Work to be completed
The entries are to be output word for word, with the pictures omitted.

* * *

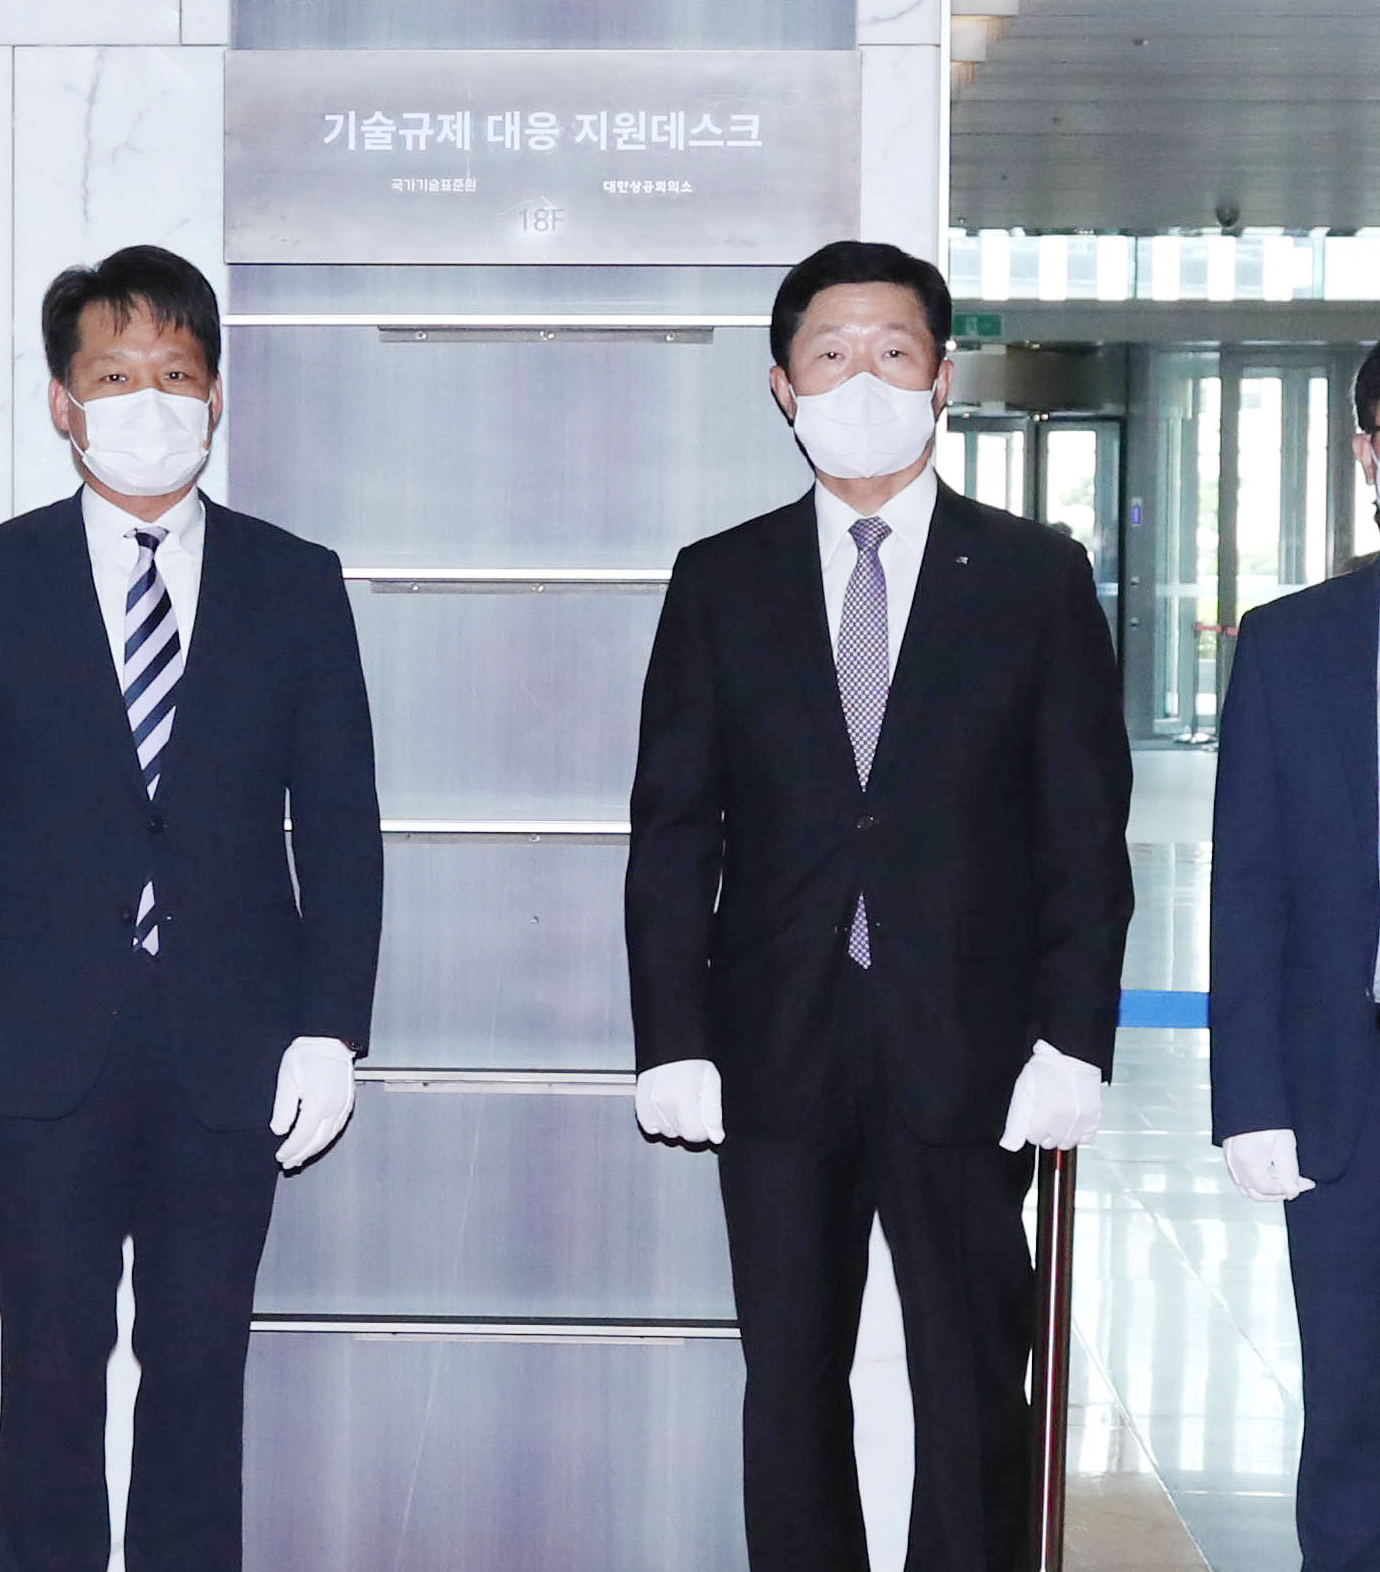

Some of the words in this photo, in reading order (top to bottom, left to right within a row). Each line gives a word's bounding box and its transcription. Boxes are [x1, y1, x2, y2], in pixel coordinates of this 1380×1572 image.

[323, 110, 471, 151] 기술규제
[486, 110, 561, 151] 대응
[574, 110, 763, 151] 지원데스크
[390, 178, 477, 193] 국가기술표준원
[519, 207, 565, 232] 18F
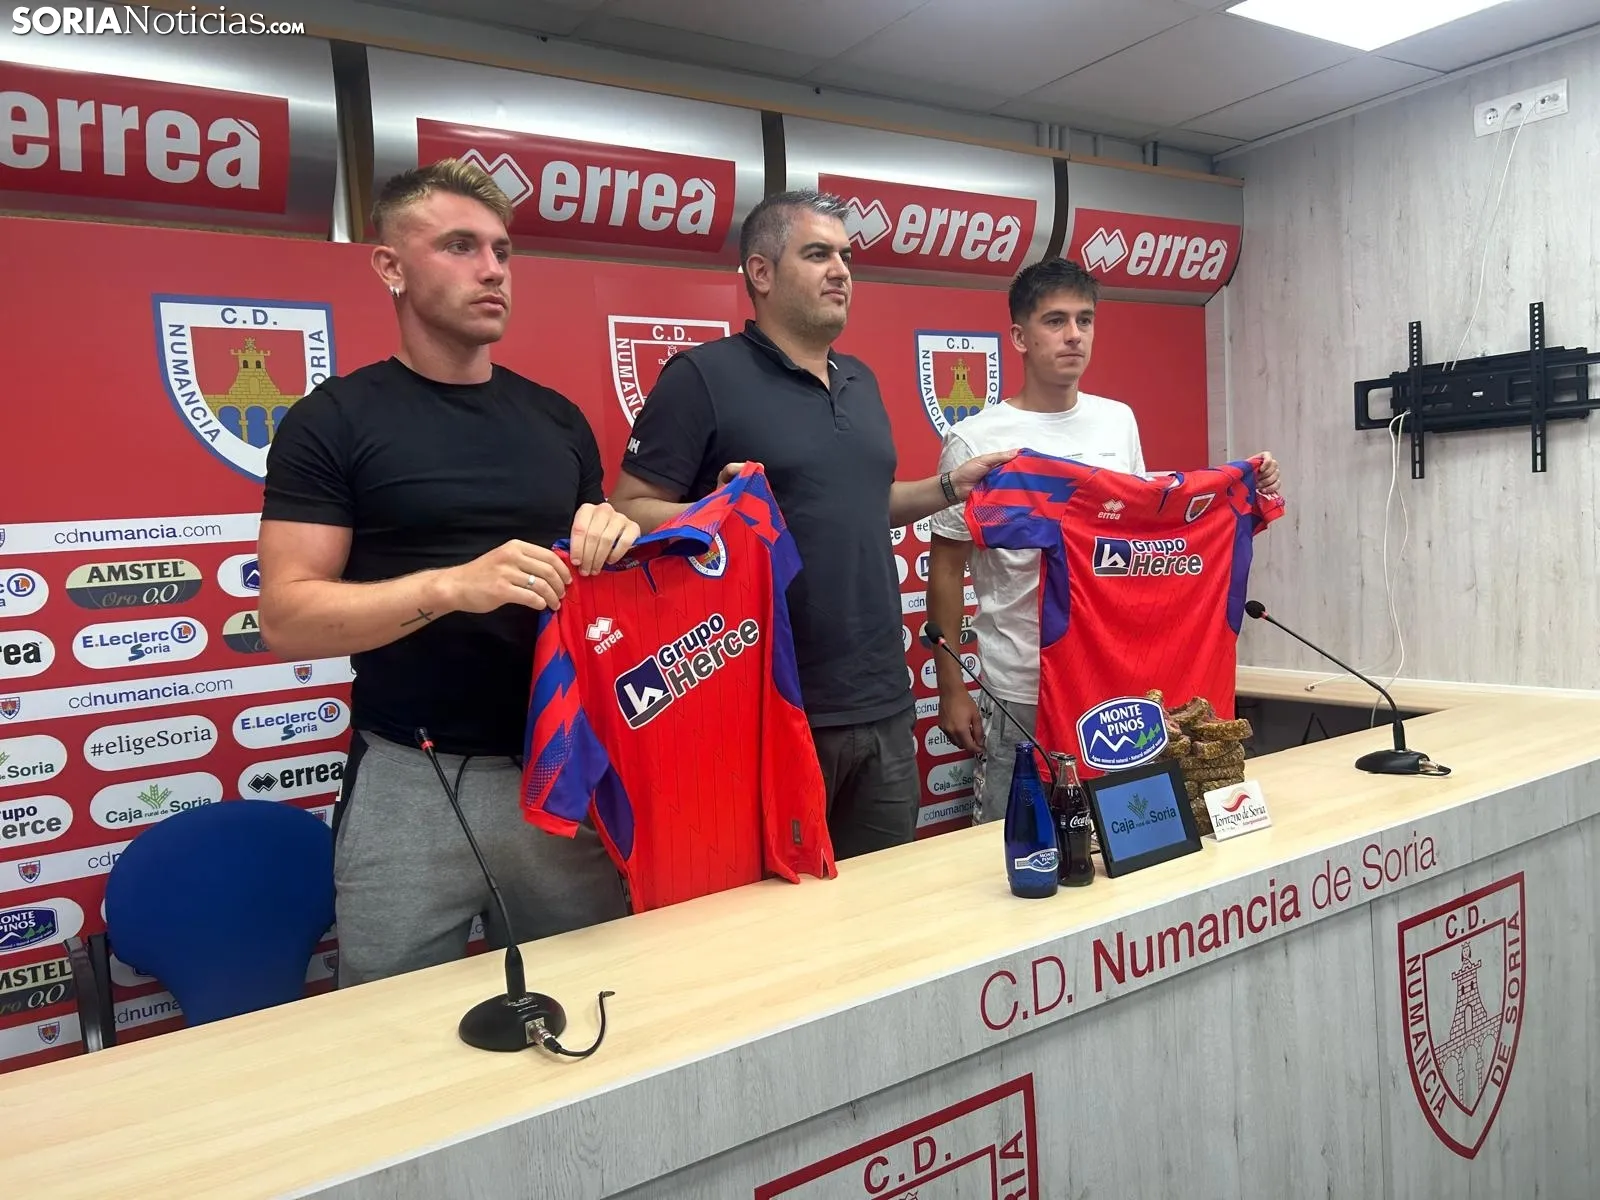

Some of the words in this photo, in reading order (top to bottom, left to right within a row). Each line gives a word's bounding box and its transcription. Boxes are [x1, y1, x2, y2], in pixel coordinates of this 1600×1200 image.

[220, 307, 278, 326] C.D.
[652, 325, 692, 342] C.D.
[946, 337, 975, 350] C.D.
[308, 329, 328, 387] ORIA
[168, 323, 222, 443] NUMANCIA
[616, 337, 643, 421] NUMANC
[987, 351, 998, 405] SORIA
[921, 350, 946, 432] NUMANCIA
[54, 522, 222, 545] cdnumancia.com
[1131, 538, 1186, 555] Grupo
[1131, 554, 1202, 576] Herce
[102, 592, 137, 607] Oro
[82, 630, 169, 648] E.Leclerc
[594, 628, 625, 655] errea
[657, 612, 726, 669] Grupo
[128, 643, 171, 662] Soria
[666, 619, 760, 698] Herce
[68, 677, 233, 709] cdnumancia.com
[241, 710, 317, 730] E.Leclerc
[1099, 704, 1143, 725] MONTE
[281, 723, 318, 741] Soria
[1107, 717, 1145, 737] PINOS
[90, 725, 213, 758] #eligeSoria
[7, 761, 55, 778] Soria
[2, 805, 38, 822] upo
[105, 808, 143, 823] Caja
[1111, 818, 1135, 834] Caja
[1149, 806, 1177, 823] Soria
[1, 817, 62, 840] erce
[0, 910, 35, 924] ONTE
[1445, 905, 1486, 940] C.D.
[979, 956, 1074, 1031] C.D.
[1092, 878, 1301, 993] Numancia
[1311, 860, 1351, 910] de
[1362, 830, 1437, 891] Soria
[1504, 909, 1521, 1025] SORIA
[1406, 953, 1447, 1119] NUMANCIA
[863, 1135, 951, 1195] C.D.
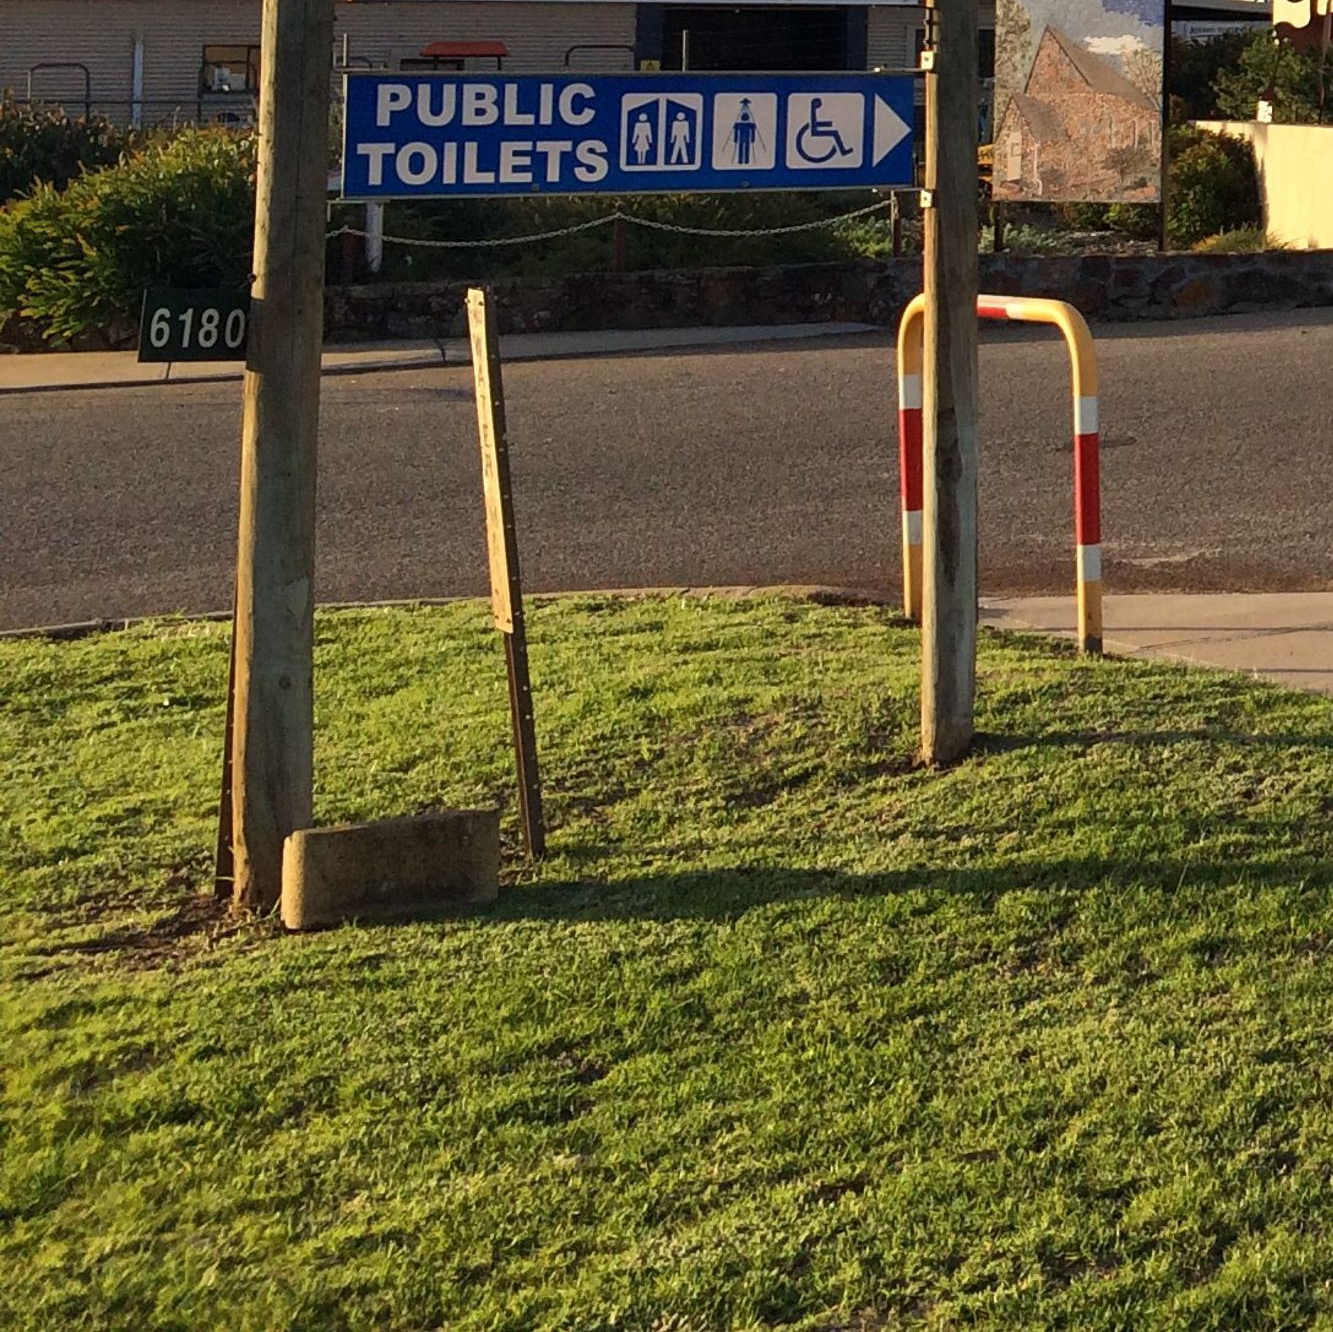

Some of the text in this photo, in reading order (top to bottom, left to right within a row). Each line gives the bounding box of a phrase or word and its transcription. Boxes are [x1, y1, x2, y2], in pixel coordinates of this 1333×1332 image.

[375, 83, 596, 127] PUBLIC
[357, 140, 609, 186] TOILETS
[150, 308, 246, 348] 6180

* * *

Solution to this exercise
Some of the words in this photo, in reading order (top to bottom, left to right within a row). Each line gives a word's bounding box and its transcription. Boxes are [x1, y1, x2, y2], in pixel coordinates of this 1380×1572 image.

[323, 110, 471, 151] 기술규제
[486, 110, 561, 151] 대응
[574, 110, 763, 151] 지원데스크
[390, 178, 477, 193] 국가기술표준원
[519, 207, 565, 232] 18F

Some of the words in this photo, in reading order (top to bottom, left to right within a row). Each line gives a word's bounding box and its transcription. Boxes are [x1, y1, x2, y2], in pixel coordinates of this 1600×1200 image.

[220, 307, 278, 326] C.D.
[652, 325, 692, 342] C.D.
[946, 337, 975, 350] C.D.
[308, 329, 328, 387] ORIA
[168, 323, 222, 443] NUMANCIA
[616, 337, 643, 421] NUMANC
[987, 351, 998, 405] SORIA
[921, 350, 946, 432] NUMANCIA
[54, 522, 222, 545] cdnumancia.com
[1131, 538, 1186, 555] Grupo
[1131, 554, 1202, 576] Herce
[102, 592, 137, 607] Oro
[82, 630, 169, 648] E.Leclerc
[594, 628, 625, 655] errea
[657, 612, 726, 669] Grupo
[128, 643, 171, 662] Soria
[666, 619, 760, 698] Herce
[68, 677, 233, 709] cdnumancia.com
[241, 710, 317, 730] E.Leclerc
[1099, 704, 1143, 725] MONTE
[281, 723, 318, 741] Soria
[1107, 717, 1145, 737] PINOS
[90, 725, 213, 758] #eligeSoria
[7, 761, 55, 778] Soria
[2, 805, 38, 822] upo
[105, 808, 143, 823] Caja
[1111, 818, 1135, 834] Caja
[1149, 806, 1177, 823] Soria
[1, 817, 62, 840] erce
[0, 910, 35, 924] ONTE
[1445, 905, 1486, 940] C.D.
[979, 956, 1074, 1031] C.D.
[1092, 878, 1301, 993] Numancia
[1311, 860, 1351, 910] de
[1362, 830, 1437, 891] Soria
[1504, 909, 1521, 1025] SORIA
[1406, 953, 1447, 1119] NUMANCIA
[863, 1135, 951, 1195] C.D.

Some of the text in this photo, in reading order (top to bottom, left to right within a row). Each line gives the bounding box of a phrase or word and its transcription. Boxes are [x1, y1, x2, y2], in pixel coordinates of this 1333×1332 image.

[375, 83, 596, 127] PUBLIC
[357, 140, 609, 186] TOILETS
[150, 308, 246, 348] 6180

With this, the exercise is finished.